In 2017, Barcelona and Real Madrid played in Miami, their first Clásico outside of Spain since the ’80s, and ESPN rolled out SportsCenter and their entire wheel to the Hard Rock Stadium. As a broadcaster who had, in Dalton, Georgia, humbly carried his big bag and his tripod and his camera to a high school football shoot to try to get it on the evening news, to see that in Miami was amazing.

And then to see it at the Little League World Series, because it’s even more impressive there, they build it in Williamsport for that event, this huge television compound, and then execute this incredible broadcast. To see the broadcast machine at that scale at work, as a broadcast junkie, as a nerd of the industry.
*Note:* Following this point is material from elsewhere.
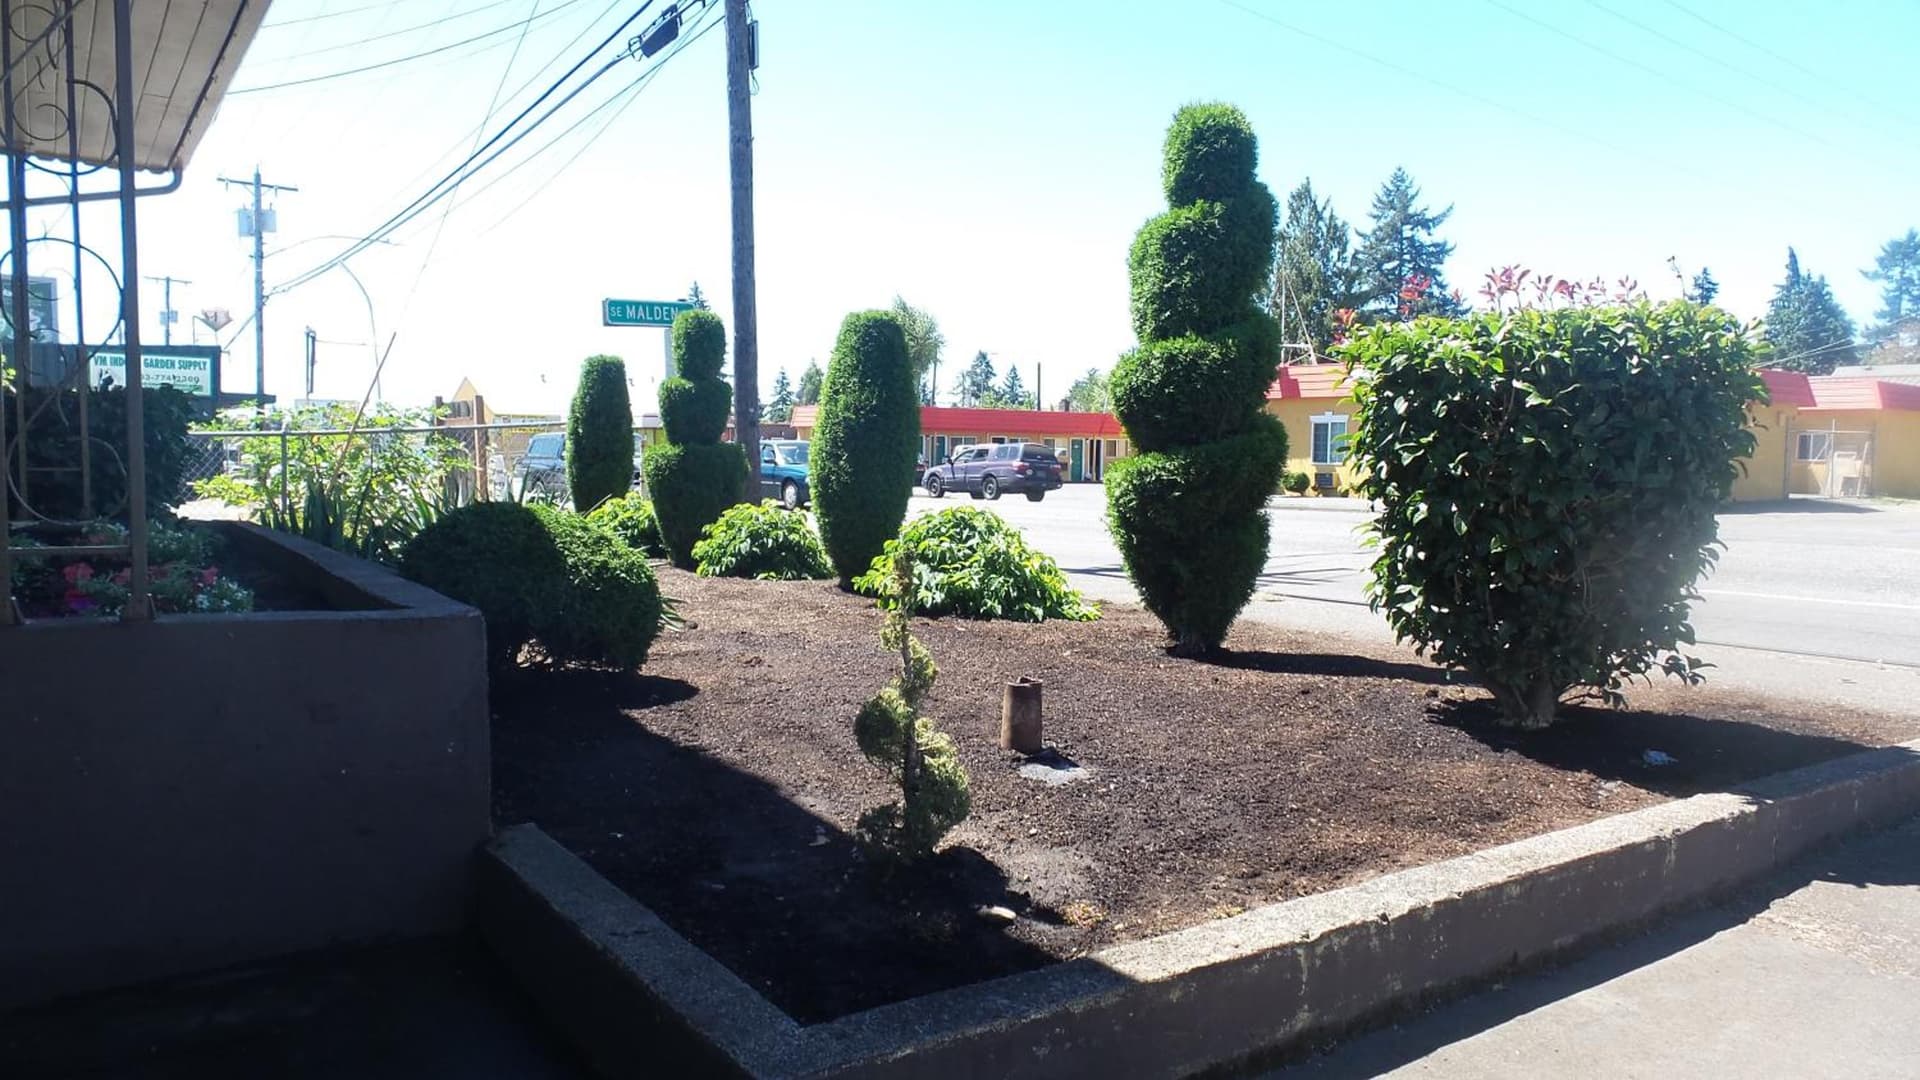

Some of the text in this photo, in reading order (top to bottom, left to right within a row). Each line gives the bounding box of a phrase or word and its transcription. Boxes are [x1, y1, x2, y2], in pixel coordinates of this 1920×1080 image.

[610, 304, 679, 321] SE MALDEN
[143, 358, 176, 370] GARDEN
[177, 359, 207, 371] SUPPLY
Wow, man, right away, it was like, Oh my God, I’m a minnow, and this is the Pacific Ocean.

Gambar artikel:Sebastian Salazar on the Magic of Broadcasting and Concerns for the World Cup

Photo by Stephen Dunn/Allsport/Getty Images

Lastly, after covering the World Cup from Russia and Qatar, what are your expectations for this World Cup? What do you expect your role to be?
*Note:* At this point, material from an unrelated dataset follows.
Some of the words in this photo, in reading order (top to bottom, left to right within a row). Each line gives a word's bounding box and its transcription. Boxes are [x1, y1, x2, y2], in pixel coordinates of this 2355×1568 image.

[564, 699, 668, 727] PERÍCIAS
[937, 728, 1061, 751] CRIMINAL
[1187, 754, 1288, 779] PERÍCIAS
I have some events lined up, we’re gonna continue the podcast for Men in Blazers. I’m doing the NWSL package, and they break for the first month of the World Cup, but not the back end of it, so I’ll be working on Saturday NWSL coverage for ION throughout the back end of the World Cup. The show that I have with Herc that we’ll be doing through the World Cup is part of Vamos and Men in Blazers, and they’ll be doing coverage throughout the World Cup as well, so I’m sure I’ll be helping out with that in some regard. I’m doing some watch party work for different corporate sponsors of the World Cup, so I’ll be in and around it, but I don’t have tickets yet.

I think that’s one area where I haven’t really made plans yet as I’ve waited to see what exactly I’m going to be doing for the entirety of the World Cup. But as far as my expectations go, I have to say I’m worried. I’m a product of the ’94 World Cup: what I do for a living, who I am as a person, and so much of my identity springs from the ’94 World Cup. My parents were super middle class and could afford to get me into all the games at RFK, and it changed my life.
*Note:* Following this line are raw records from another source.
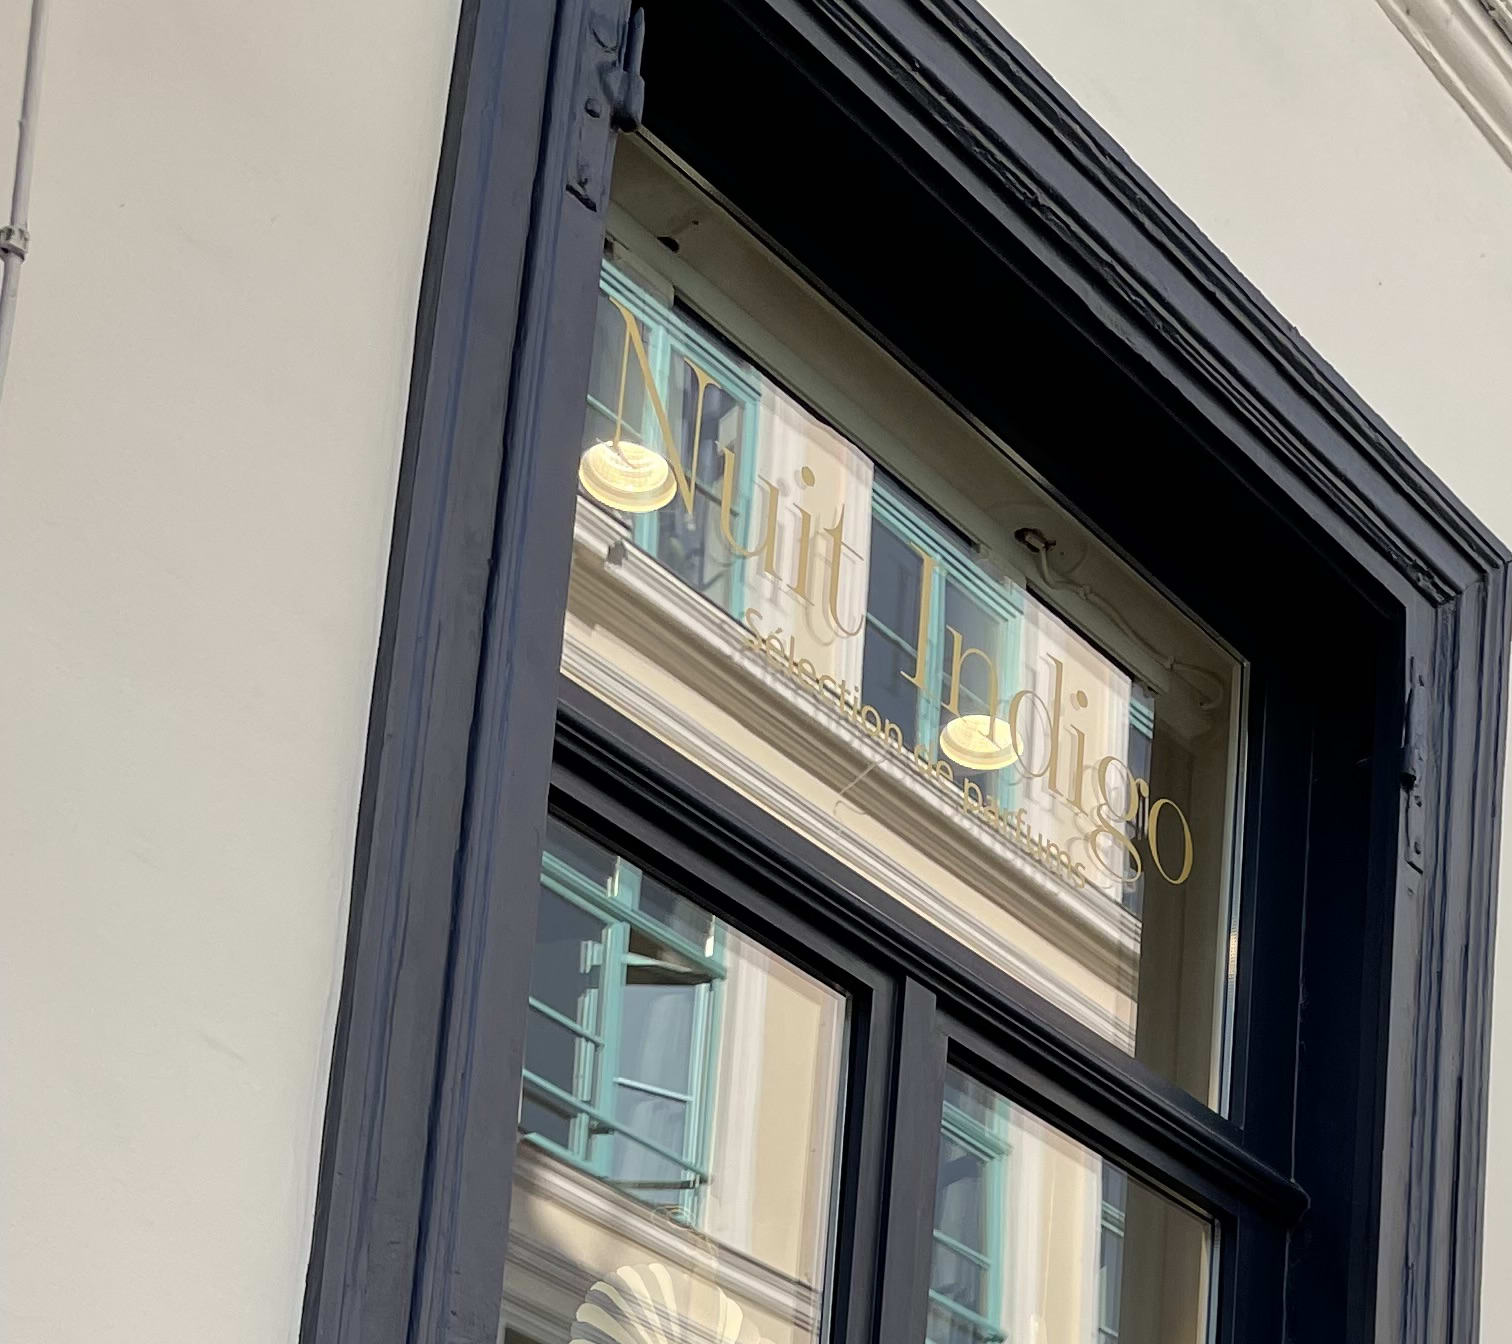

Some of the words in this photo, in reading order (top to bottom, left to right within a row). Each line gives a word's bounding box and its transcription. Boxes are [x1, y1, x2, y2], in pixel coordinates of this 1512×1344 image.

[597, 296, 865, 637] Nuit
[899, 541, 1193, 885] Indigo
[743, 607, 904, 756] Sélection
[914, 744, 955, 784] de
[963, 777, 1086, 889] parfums
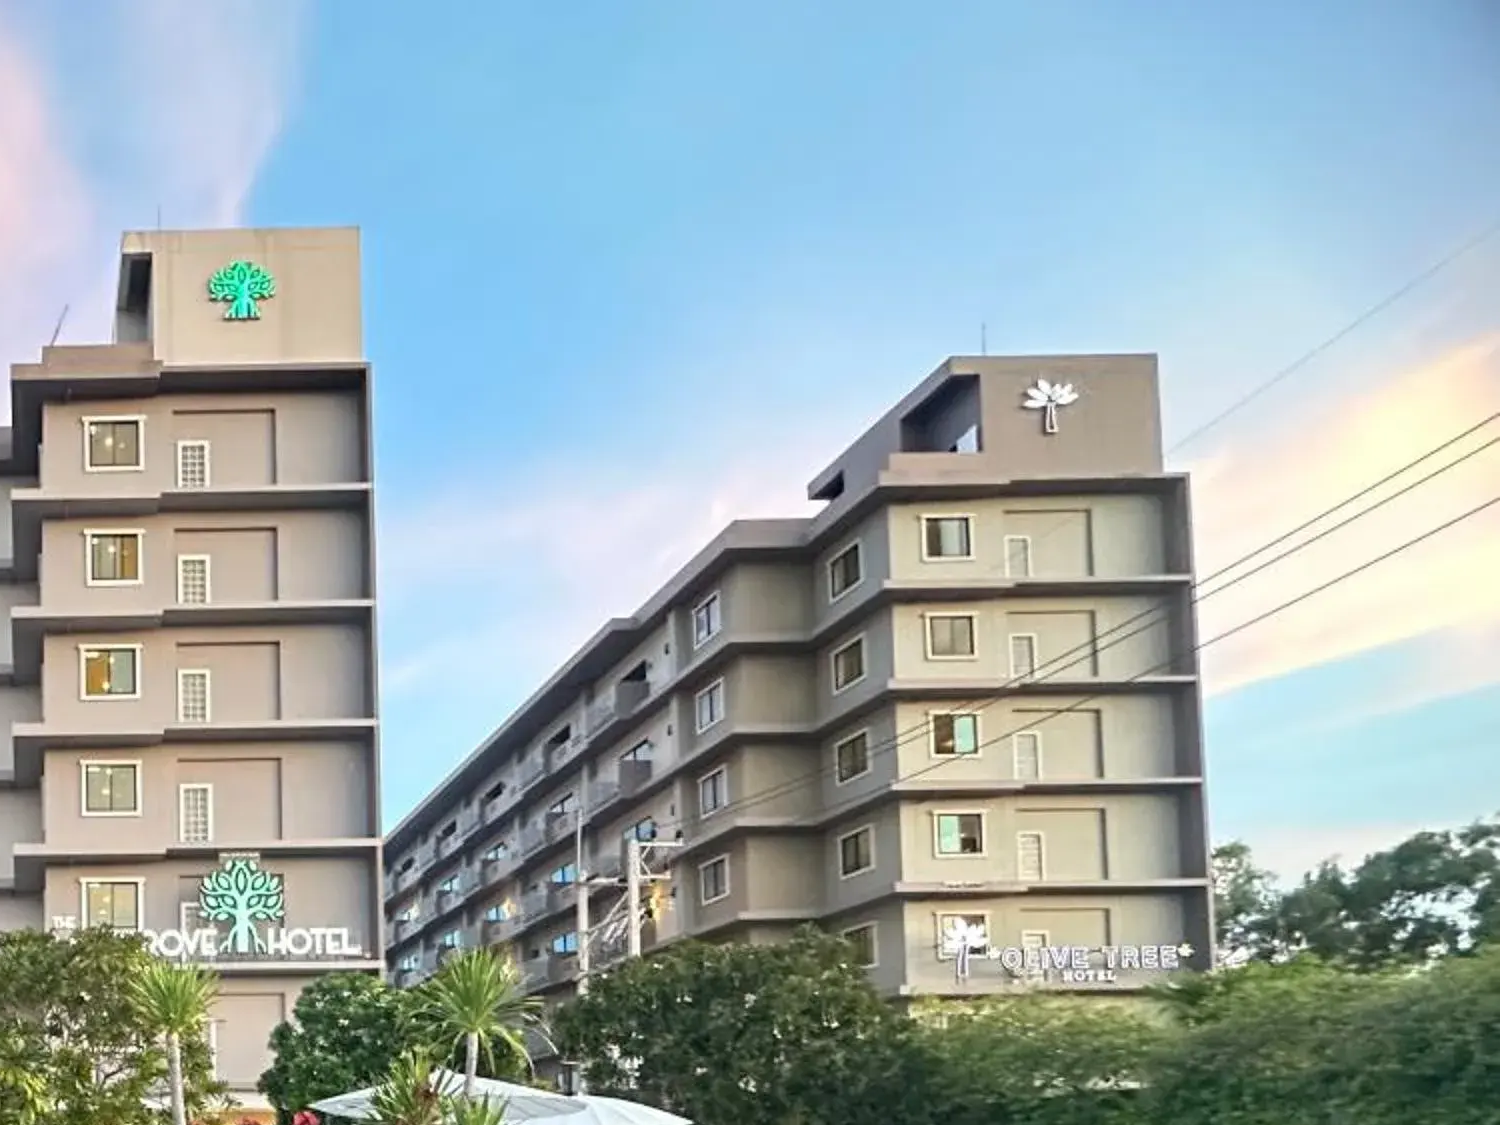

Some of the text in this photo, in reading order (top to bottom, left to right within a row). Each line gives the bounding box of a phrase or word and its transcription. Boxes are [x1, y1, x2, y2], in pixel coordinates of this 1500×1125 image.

[268, 927, 362, 955] HOTEL
[1001, 945, 1180, 970] OLIVE TREE
[1063, 969, 1117, 982] HOTEL
Every day, I start to doubt and worry for those middle class parents and others who are not going to get to do that this summer. It was such a formative experience for me, it was such an amazing experience, it truly changed my life. It made me the soccer fan that I am. I just feel like a lot of American kids are about to miss out on that because of the way that the tickets are being priced, and the access to them. I think a lot of times, when we talk about World Cup ticket prices, we focus on who to blame, and rightfully so. But what’s important is the impact of it.

Gambar artikel:Sebastian Salazar on the Magic of Broadcasting and Concerns for the World Cup

Photo by Shaun Botterill/Allsport/Getty Images

There’s a huge percentage of this generation of American kids that won’t have the same experience that I had in 1994 that changed my life, and I’m devastated by that. At a time when we should be so excited about what’s coming, everybody should have their tickets in hand, waving excitedly. It pains me that, knowing that the sport is in a place where so many more kids love it now than they did in ’94, that so many more of those kids are not gonna have access to it. It’s just a shame.